Asian Stocks Gain as Australia & New Zealand Bank Rises on Higher Profit

Asian stocks rose for the first time in three days as Australia & New Zealand Banking Group Ltd. led gains among the banks after the lender reported higher profit.

Australia & New Zealand Banking, the nation’s third-largest lender, climbed 2.6 percent after reporting half-year profit that rose 69 percent as bad debts declined. Canon Inc., the world’s largest camera maker, gained 4 percent after the company raised its profit forecast. Mitsubishi Corp., which gets about 40 percent of sales from commodities, fell 0.6 percent after oil and metal prices declined yesterday.

The MSCI Asia Pacific Index gained 0.4 percent to 129.25 as of 9:52 a.m. in Tokyo, snapping its two-day decline of 2.1 percent. The gauge dropped for the first week in two months last week after China, the world’s fastest-growing major economy, unexpectedly raised interest rates and said it grew at the slowest pace in a year.
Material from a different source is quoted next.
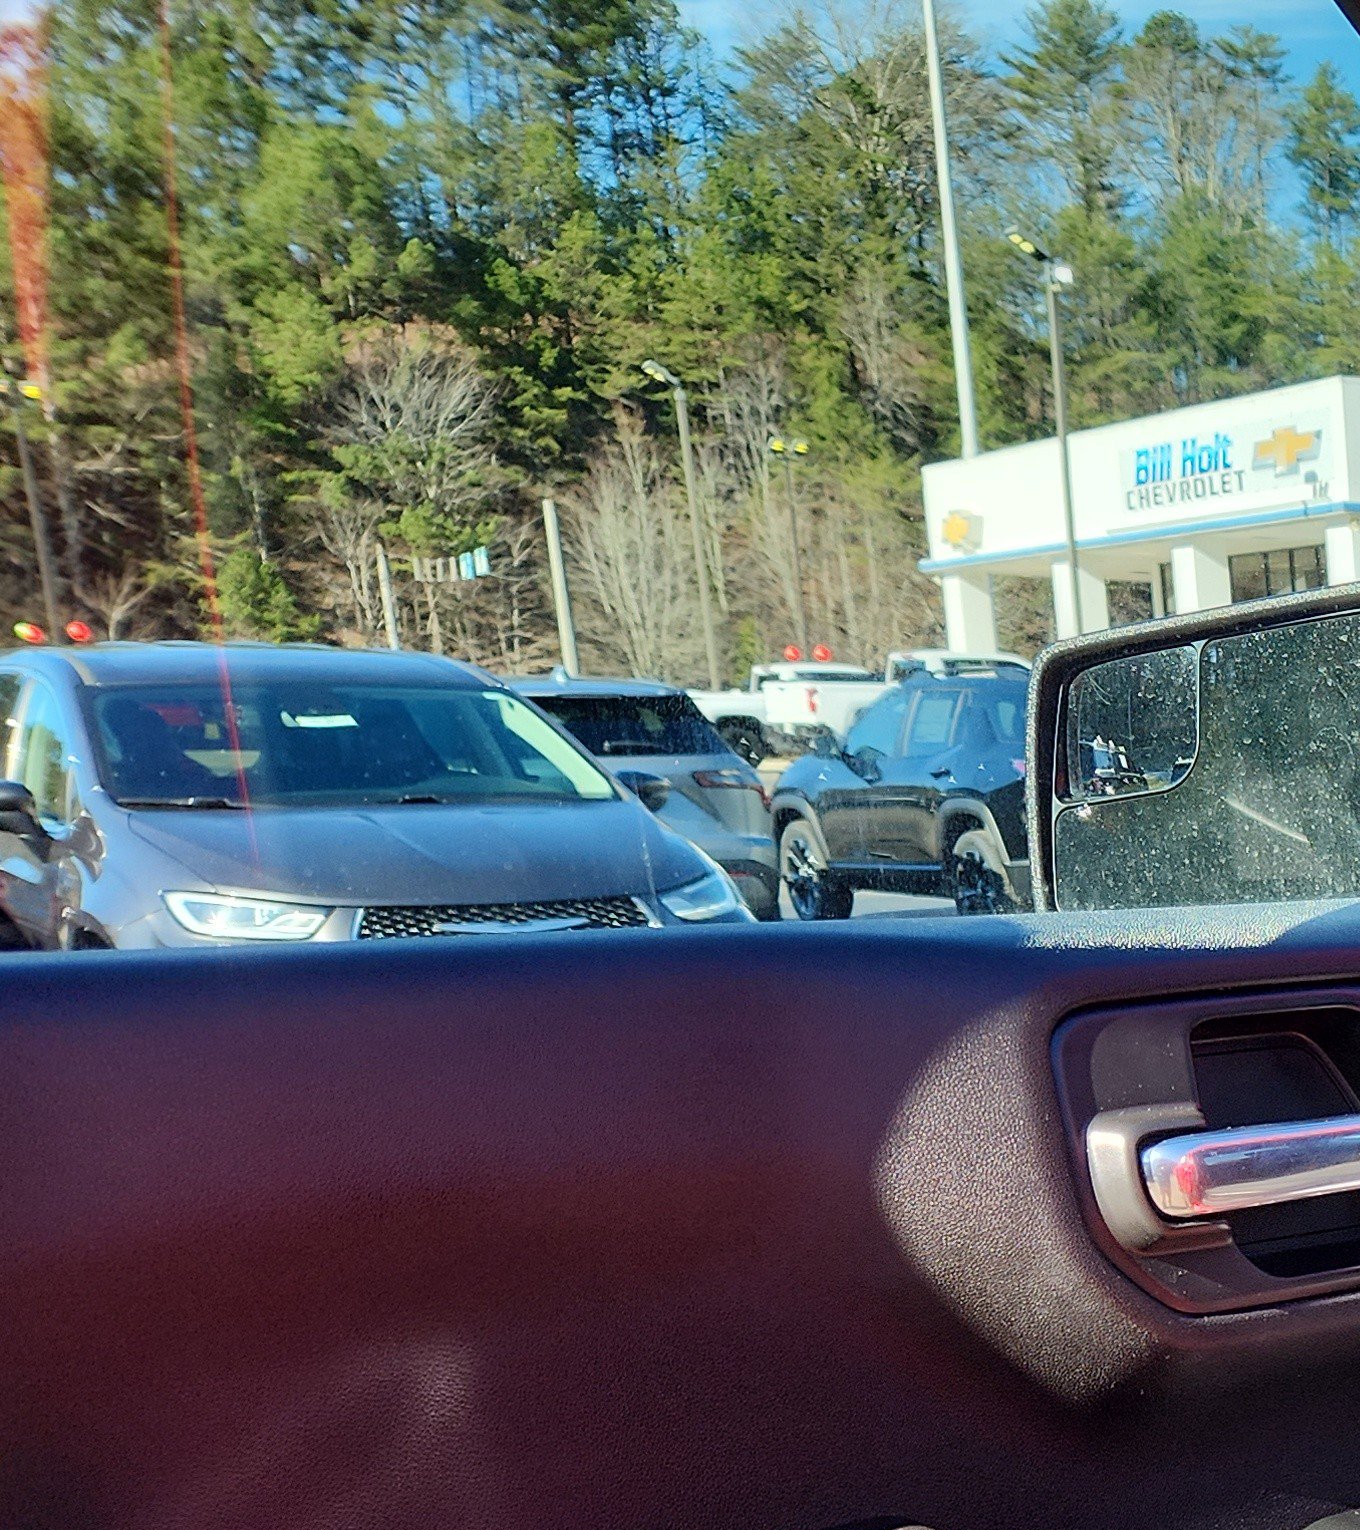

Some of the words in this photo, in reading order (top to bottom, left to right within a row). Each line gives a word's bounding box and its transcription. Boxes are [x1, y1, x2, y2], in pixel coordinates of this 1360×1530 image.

[1136, 444, 1172, 485] Bill
[1181, 431, 1232, 477] Holt
[1126, 470, 1246, 510] CHEVROLET
Japan’s Nikkei 225 Stock Average slipped 0.1 percent. Australia’s S&P/ASX 200 Index jumped 1 percent. New Zealand’s NZX 50 Index rose 0.3 percent.
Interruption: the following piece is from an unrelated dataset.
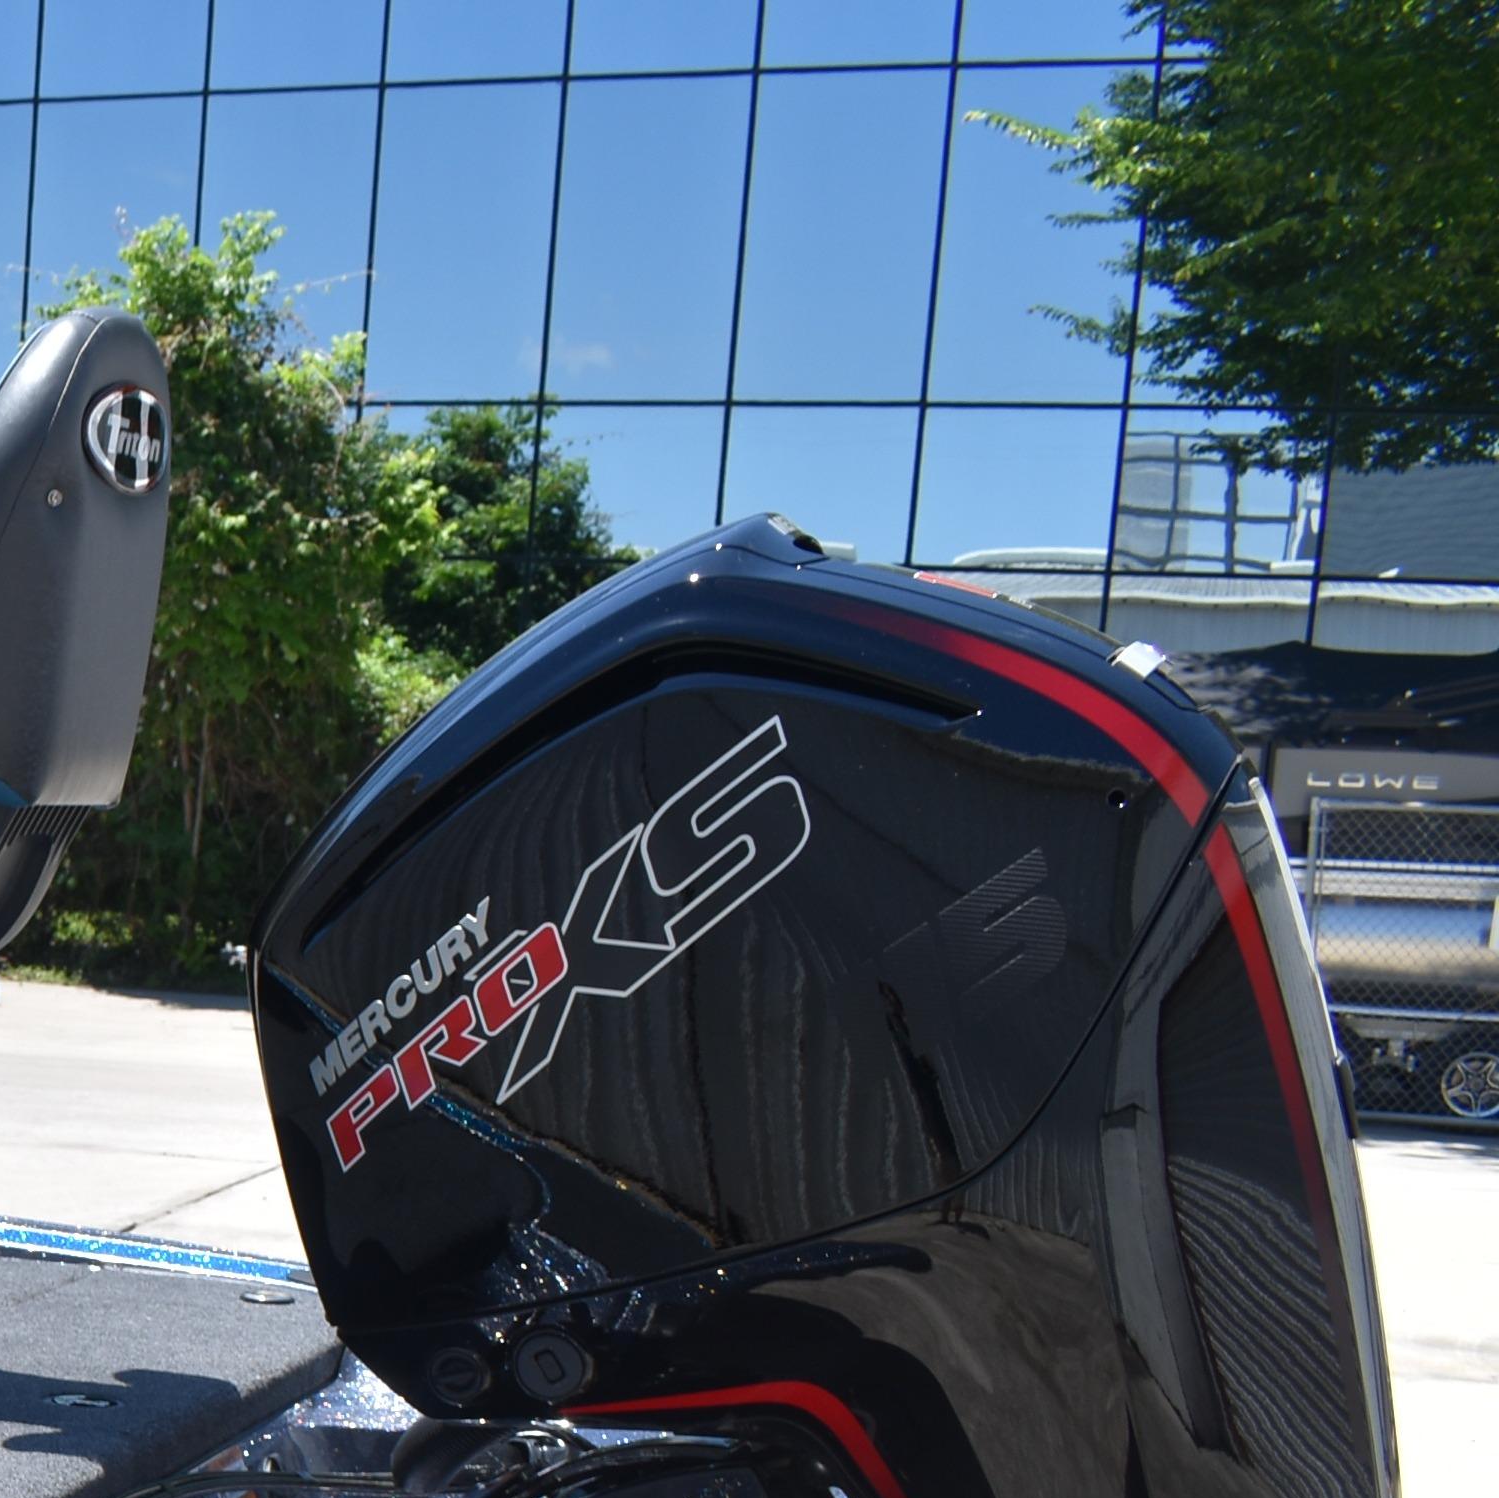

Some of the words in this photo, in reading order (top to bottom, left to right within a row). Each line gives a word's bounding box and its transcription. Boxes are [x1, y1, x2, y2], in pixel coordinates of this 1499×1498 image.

Futures on the Standard & Poor’s 500 Index were little changed today. The index slid 0.3 percent yesterday in New York as investors speculated that the Federal Reserve’s efforts to shore up the economy will be gradual.

The Fed will probably announce a program to buy several hundred billion dollars of U.S. Treasury debt over the next few months, the Wall Street Journal reported yesterday, without saying where it got the information.
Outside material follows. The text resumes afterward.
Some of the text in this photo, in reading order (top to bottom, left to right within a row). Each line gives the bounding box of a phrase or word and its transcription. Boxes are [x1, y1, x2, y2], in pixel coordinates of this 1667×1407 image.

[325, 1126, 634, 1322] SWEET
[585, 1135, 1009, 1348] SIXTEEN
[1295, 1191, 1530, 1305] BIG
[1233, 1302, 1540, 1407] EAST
Estimates for the size of the program had ranged from $1 trillion at Bank of America-Merrill Lynch Global Research to $2 trillion at Goldman Sachs Group Inc., with economists at both firms agreeing the Fed will likely begin with a $500 billion plan after the Nov. 2-3 meeting.

The London Metal Exchange Index of prices for six industrial metals including copper and aluminum plunged 2.6 percent, the most since July 1. Copper futures tumbled 2.4 percent to $3.7755 a pound in New York after rising to $3.90, the highest level for a most-active contract since July 2008.

Crude oil for December delivery fell 0.7 percent to $81.94 a barrel in New York yesterday after a report showed U.S. orders for capital goods declined, and as the dollar strengthened.